All of the listing should be returned as written, apart from any picture in it.
Entries provided below:
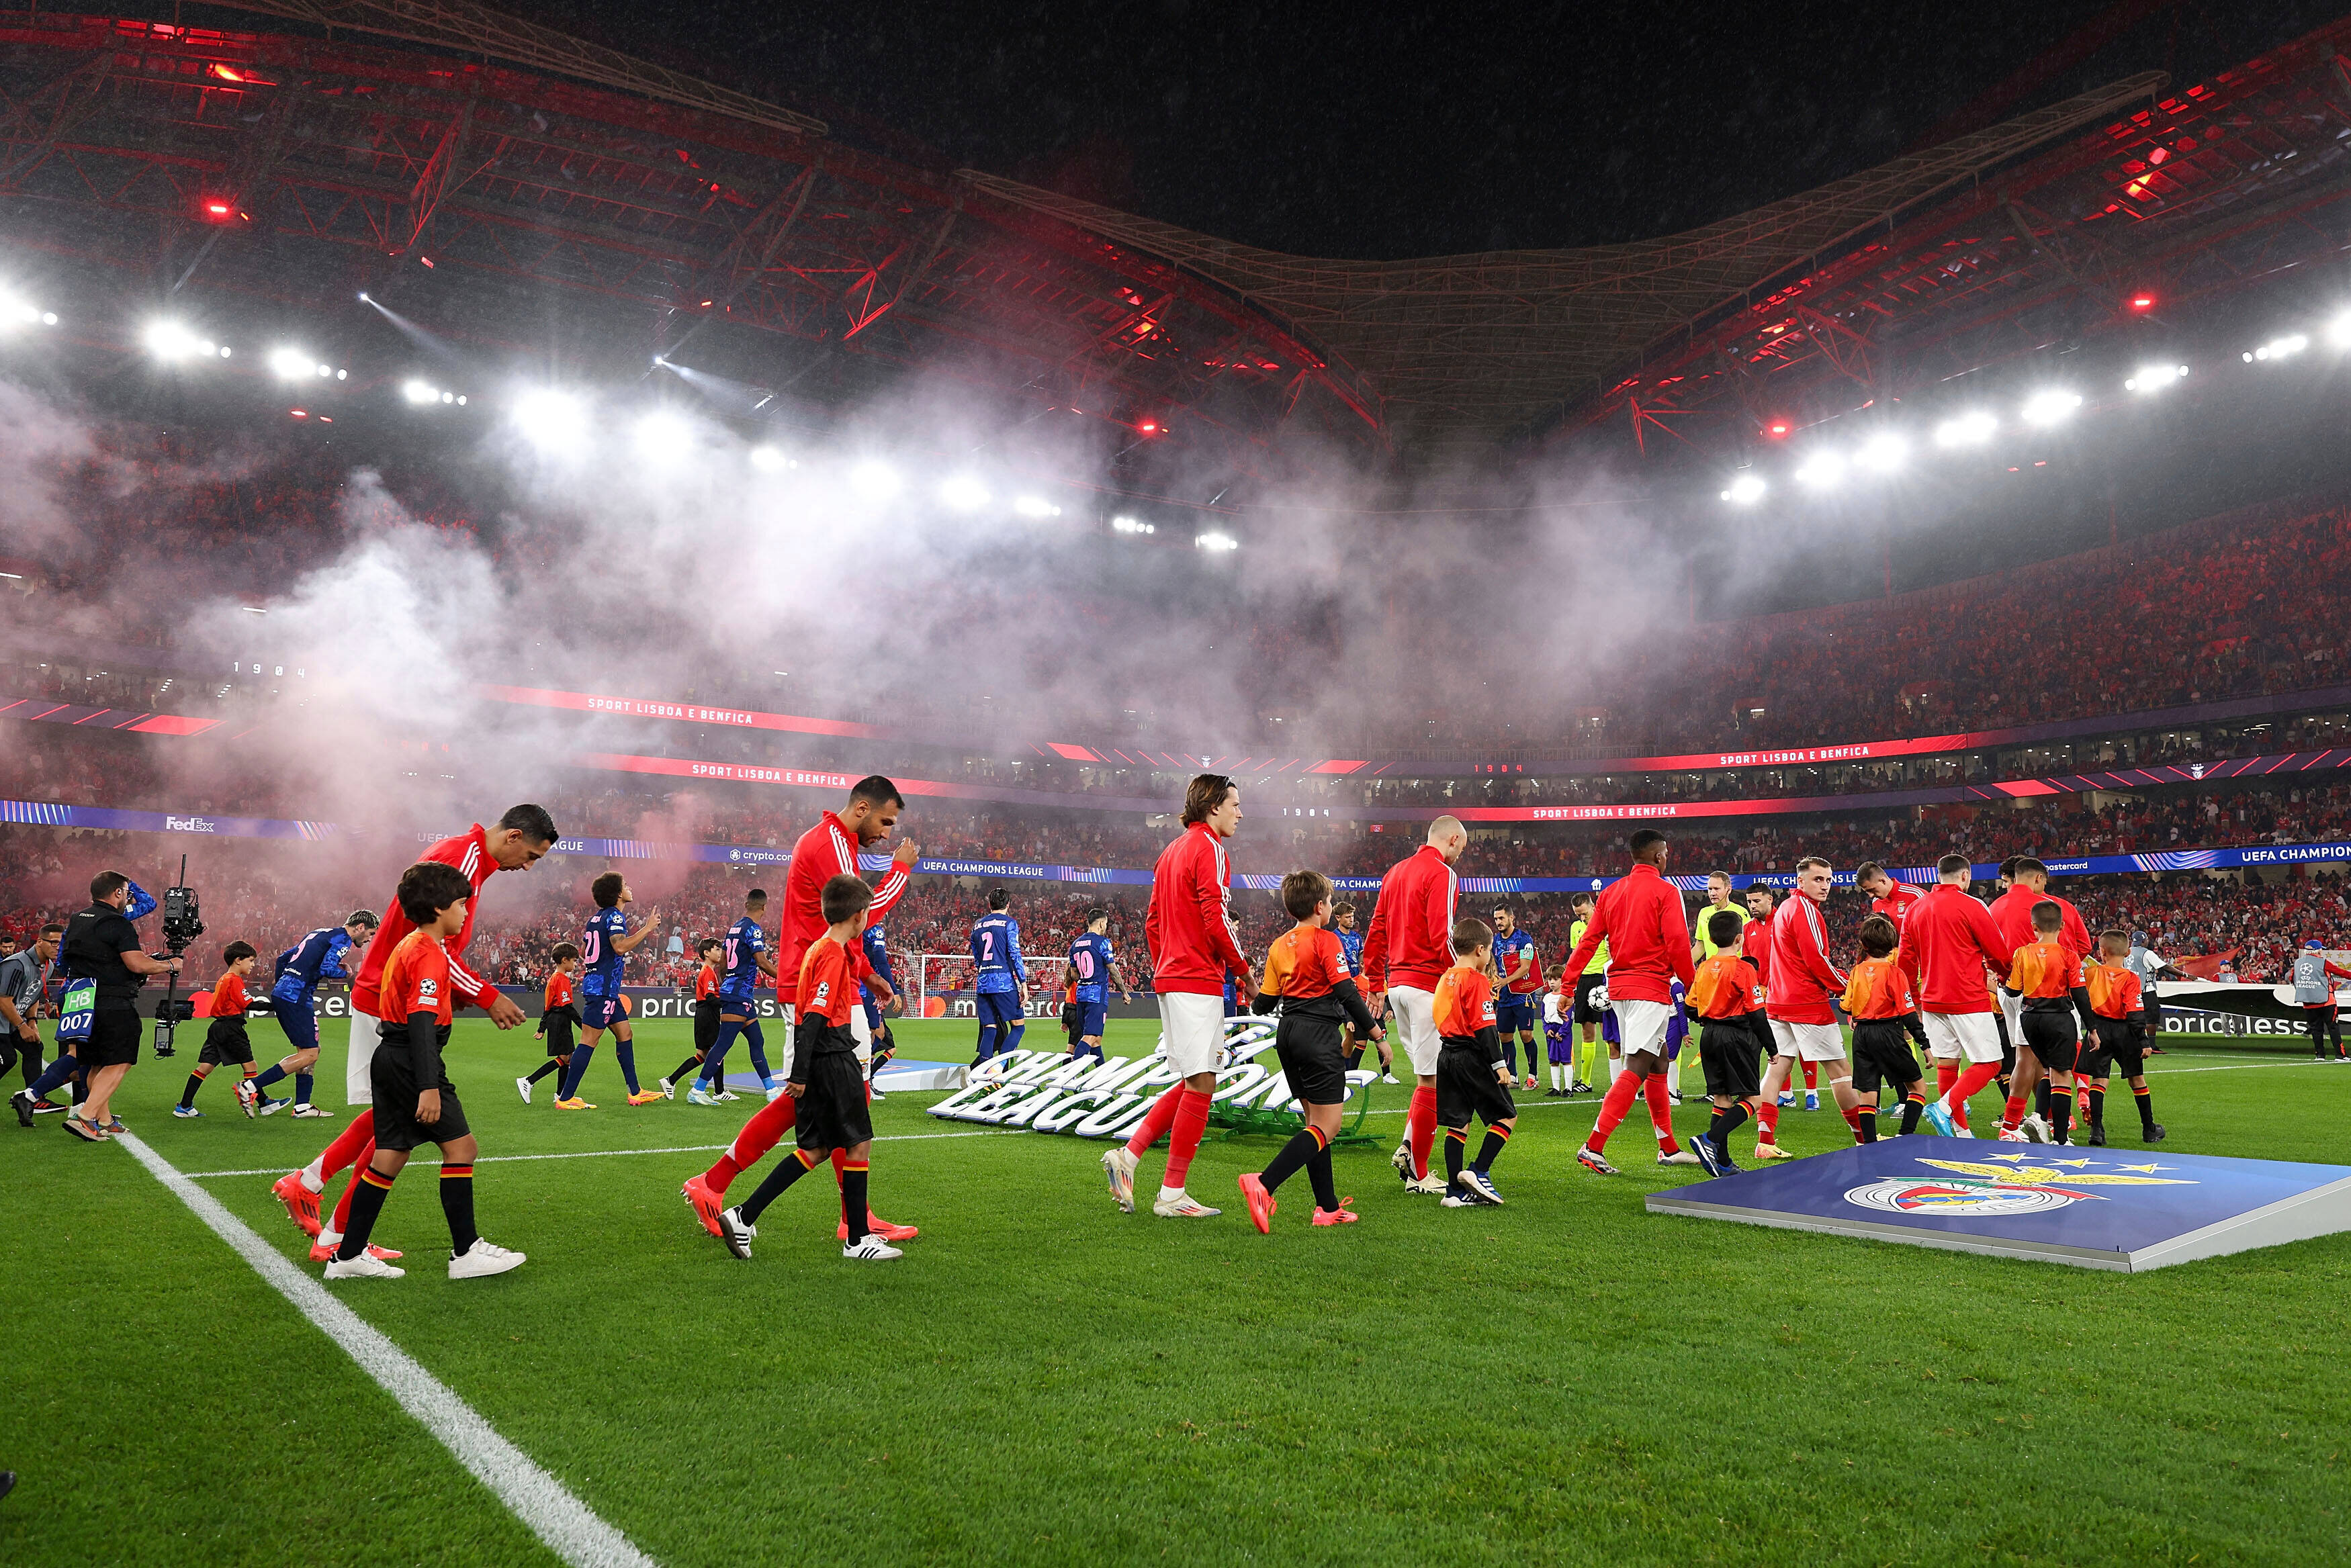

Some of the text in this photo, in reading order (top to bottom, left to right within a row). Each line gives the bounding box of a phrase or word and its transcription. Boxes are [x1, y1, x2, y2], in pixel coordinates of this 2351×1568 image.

[588, 698, 753, 725] SPORT LISBOA E BENFICA
[1720, 746, 1869, 765] SPORT LISBOA E BENFICA
[693, 764, 846, 786] SPORT LISBOA E BENFICA
[1534, 806, 1676, 819] SPORT LISBOA E BENFICA
[166, 816, 215, 832] FedEx
[416, 832, 450, 842] UEF
[550, 840, 584, 851] AGUE
[2242, 850, 2276, 862] UEFA
[923, 861, 1043, 876] UEFA CHAMPIONS LEAGUE
[1349, 880, 1382, 888] CHAMP
[981, 931, 993, 961] 2
[1073, 950, 1094, 979] 10
[69, 990, 91, 1009] HB
[603, 1000, 616, 1015] 20
[60, 1013, 93, 1031] 007
[925, 1080, 1161, 1140] LEAGU
End of Entries provided.
◆ Solved exercise:
Some of the text in this photo, in reading order (top to bottom, left to right within a row). Each line gives the bounding box of a phrase or word and its transcription. Boxes are [x1, y1, x2, y2], in pixel coordinates of this 2351×1568 image.

[588, 698, 753, 725] SPORT LISBOA E BENFICA
[1720, 746, 1869, 765] SPORT LISBOA E BENFICA
[693, 764, 846, 786] SPORT LISBOA E BENFICA
[1534, 806, 1676, 819] SPORT LISBOA E BENFICA
[166, 816, 215, 832] FedEx
[416, 832, 450, 842] UEF
[550, 840, 584, 851] AGUE
[2242, 850, 2276, 862] UEFA
[923, 861, 1043, 876] UEFA CHAMPIONS LEAGUE
[1349, 880, 1382, 888] CHAMP
[981, 931, 993, 961] 2
[1073, 950, 1094, 979] 10
[69, 990, 91, 1009] HB
[603, 1000, 616, 1015] 20
[60, 1013, 93, 1031] 007
[925, 1080, 1161, 1140] LEAGU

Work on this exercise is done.